Poetry and Science: My Course Correction

by | Sep 17, 2017 | Blog

Today I’d like to exhale long and offer you all a poem. It’s one that I wrote, which is the reason for that long out-breath. Sharing from the heart feels vulnerable, and breathing out helps me with that.

I’ve been writing poems for years. I absolutely love writing them. And, I am happy for this occasion to share one with you.

But, there’s also part of me that thinks poems don’t matter, aren’t important like, say, science. In my inner hierarchy, which (like everyone’s) is partly built on unconsciously downloaded societal messages, poetry doesn’t rate. It’s frivolous, old fashioned, and it doesn’t pay the oil bill.

According to Robert Eskridge, “Science and art naturally overlap. Both are a means of investigation. Both involve ideas, theories, and hypotheses that are tested in places where mind and hand come together… Artists, like scientists, study—materials, people, culture, history, religion, mythology— and learn to transform information into something else.” (2013.)

For me, writing poetry turns pain into beauty. It’s an alchemical, liberating undertaking that encompasses the joy of sharing. There’s a depth of listening/seeing/knowing involved which is as startling, truthful, and as elegant as E=MC2. A certain valuable kind of spaciousness is transmitted through poems.

So, this post initiates the rewiring of my subconscious views through conscious action. It’s an invitation to my inner life, and to any of you who would like to join me, to let go enough to hold both reason and mystery. Starting now, I’m developing a new mental habit:

In my heart, science and poetry sit side by side, recognized as the loving siblings they are, born from human consciousness, who sometimes, over the centuries, squabble, like all sisters and brothers do. I can see them now, sitting on a bridge dangling their feet over the water below, dropping pebbles into the stream and wondering together about the great paradoxes of living.

Enjoy the poem!

Both And

Both a Kali Yuga and a Golden Age reveal themselves, kaleidoscopic, as our blazing material preoccupations zenith and streak across our growing consciousness like some slow, hot, shooting star just about to blast this blue green earth.

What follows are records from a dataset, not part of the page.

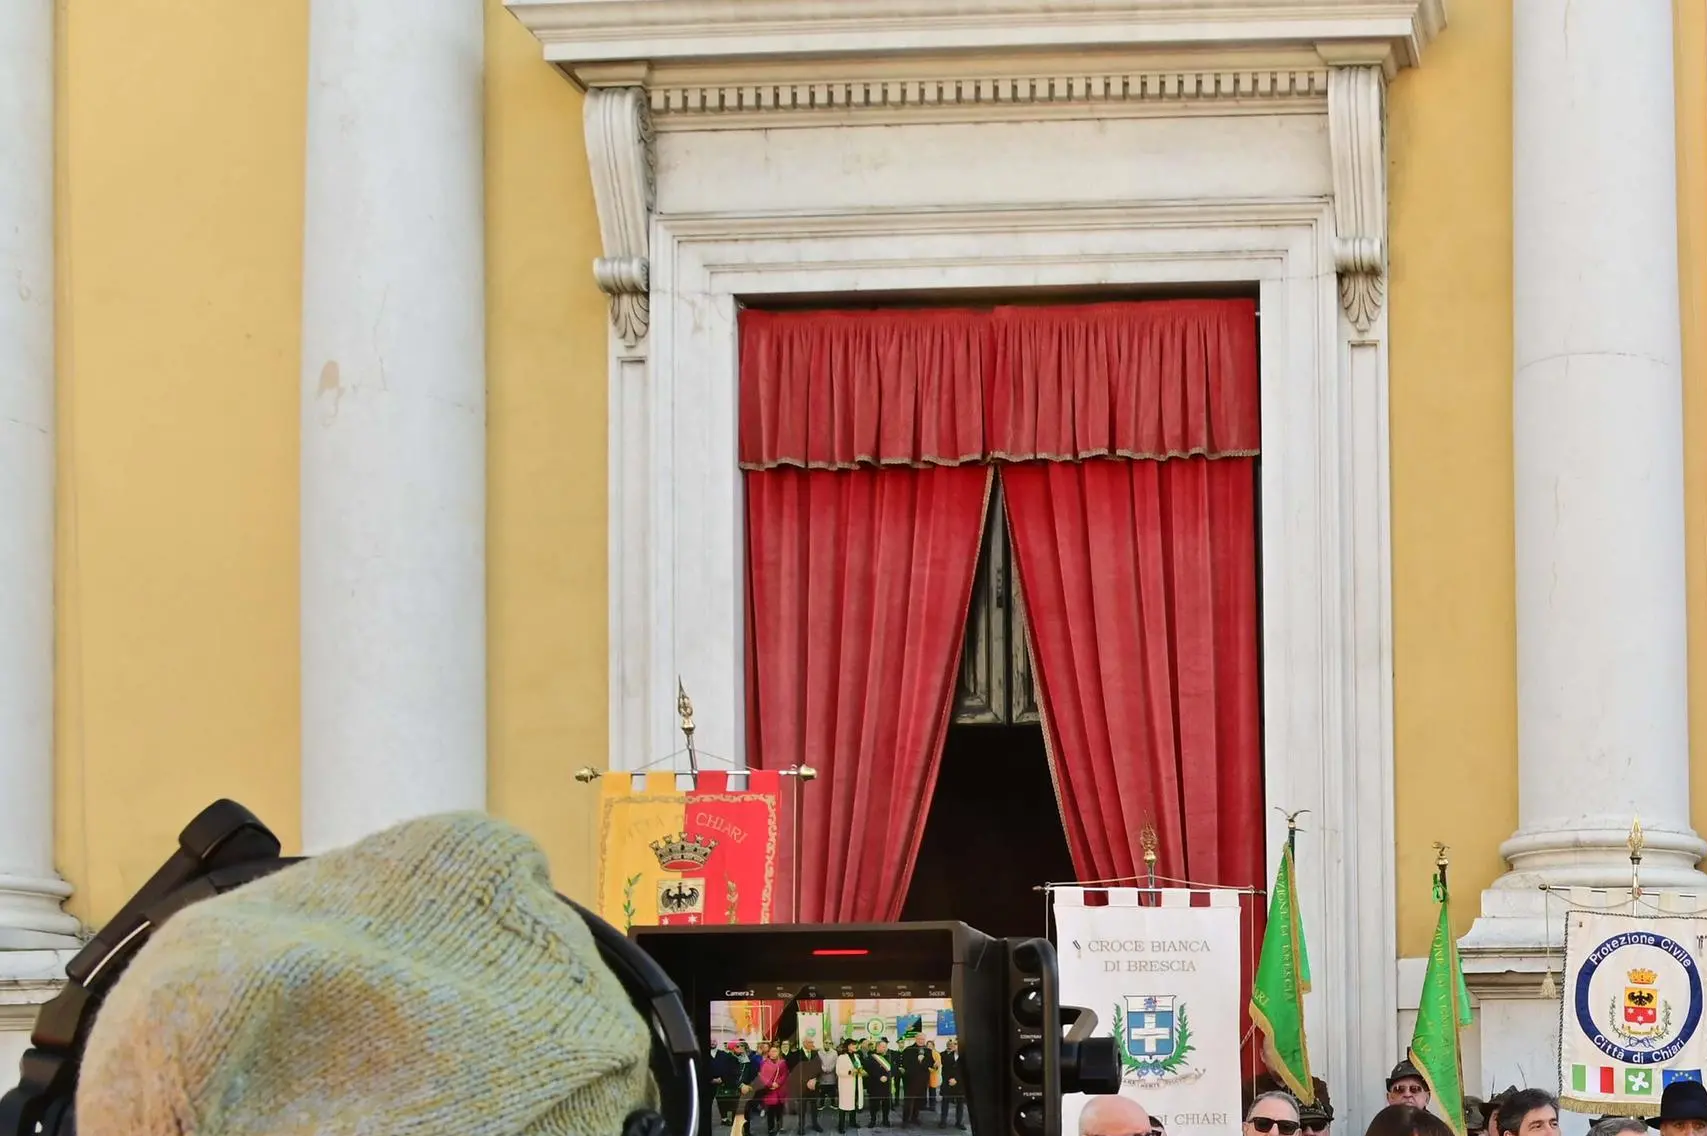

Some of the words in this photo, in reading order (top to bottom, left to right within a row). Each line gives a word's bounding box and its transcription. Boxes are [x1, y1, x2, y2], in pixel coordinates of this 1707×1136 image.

[696, 812, 748, 843] CHIARI
[1087, 939, 1145, 953] CROCE
[1151, 939, 1211, 953] BIANCA
[1589, 934, 1655, 966] Protezione
[1661, 939, 1692, 968] Civile
[1103, 960, 1121, 973] DI
[1127, 960, 1197, 973] BRESCIA
[725, 989, 749, 997] Camera
[750, 989, 755, 997] 2
[1593, 1033, 1625, 1061] Città
[1632, 1052, 1644, 1064] di
[1652, 1038, 1685, 1062] Chiari
[1174, 1112, 1228, 1126] CHIARI
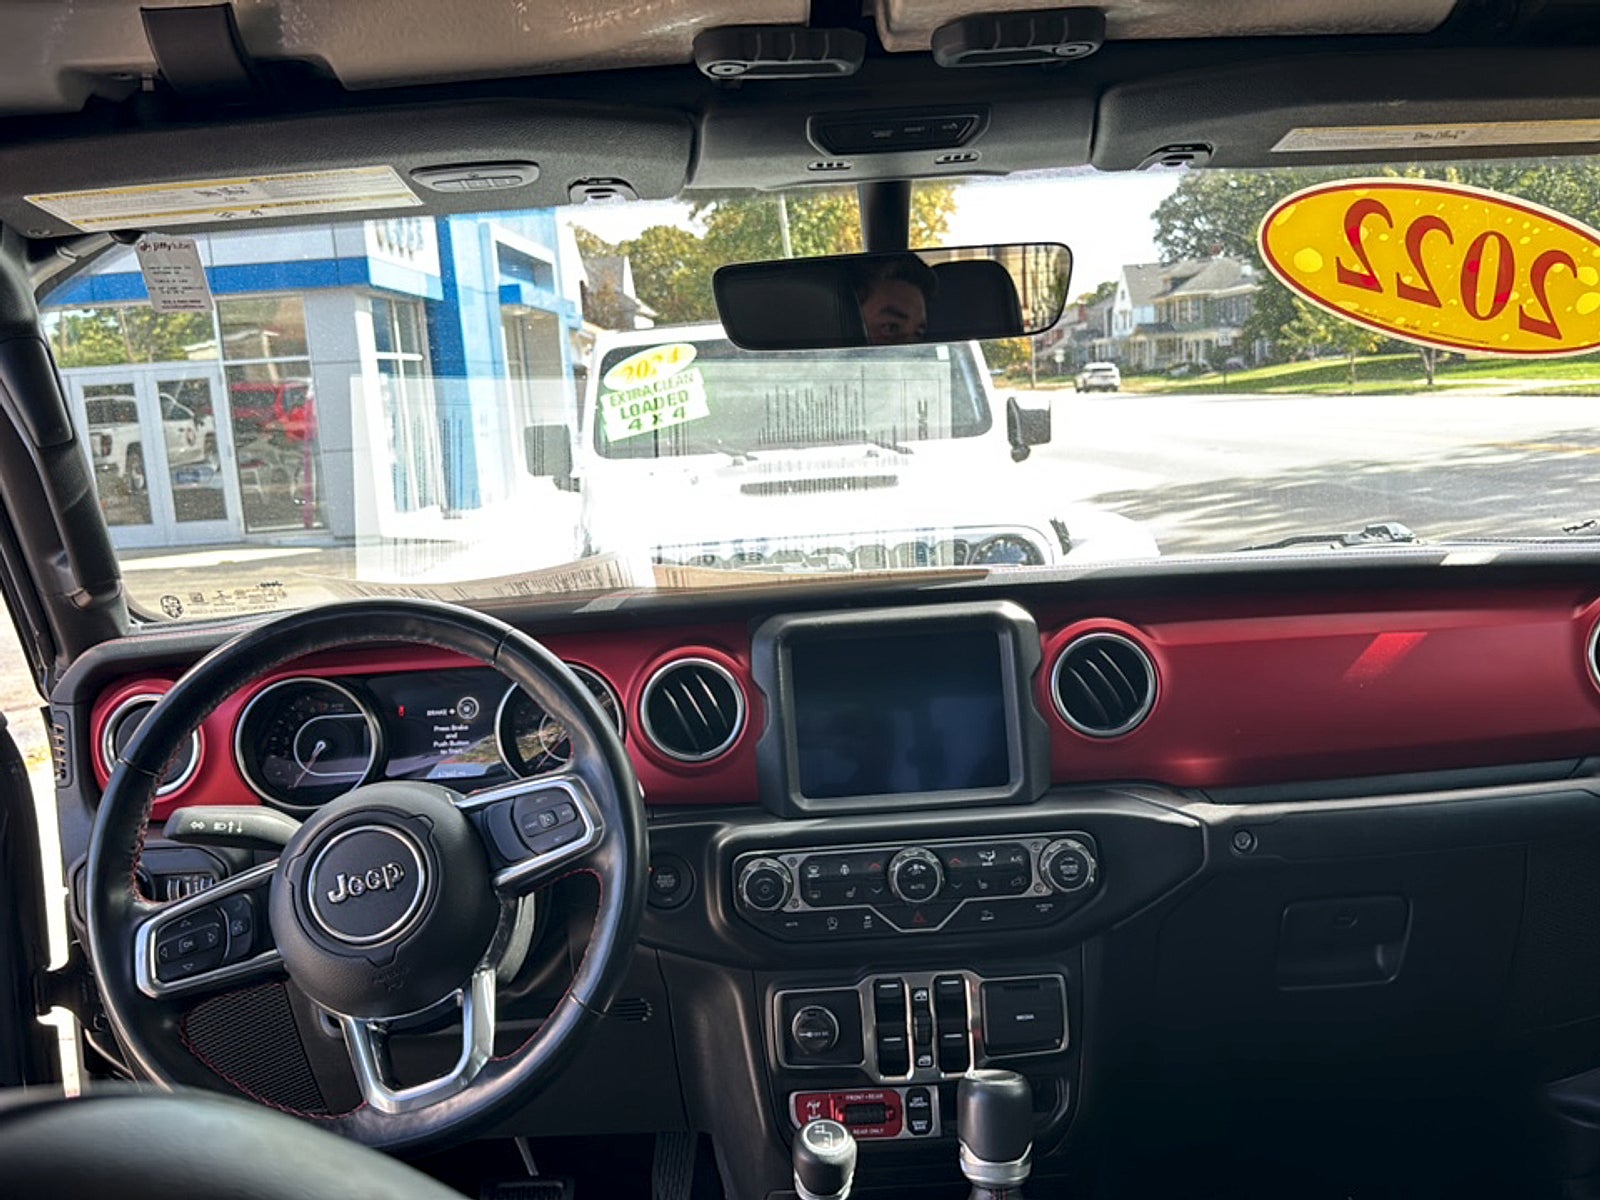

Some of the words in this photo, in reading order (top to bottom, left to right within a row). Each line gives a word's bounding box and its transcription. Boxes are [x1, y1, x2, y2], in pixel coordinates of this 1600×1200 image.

[620, 390, 689, 420] LOADED
[628, 418, 642, 430] 4
[327, 867, 403, 903] Jeep

Collaboration and conflict wake up blinking at one another, surprised by the brightness, awkwardly comfortable, sharing space like an old married couple lying side by side in single beds.

We have lived long enough now to feel with the clarity that only comes from within both the insubstantiality, the effervescence and the shy inarticulate emerging of a humble and potent peace.

We can see now that kindness, call it kinship even, is both optional and required, that friendship is the most essential course correction we must endlessly make.

(Note: A Kali Yuga is a dark age or an age of vice.)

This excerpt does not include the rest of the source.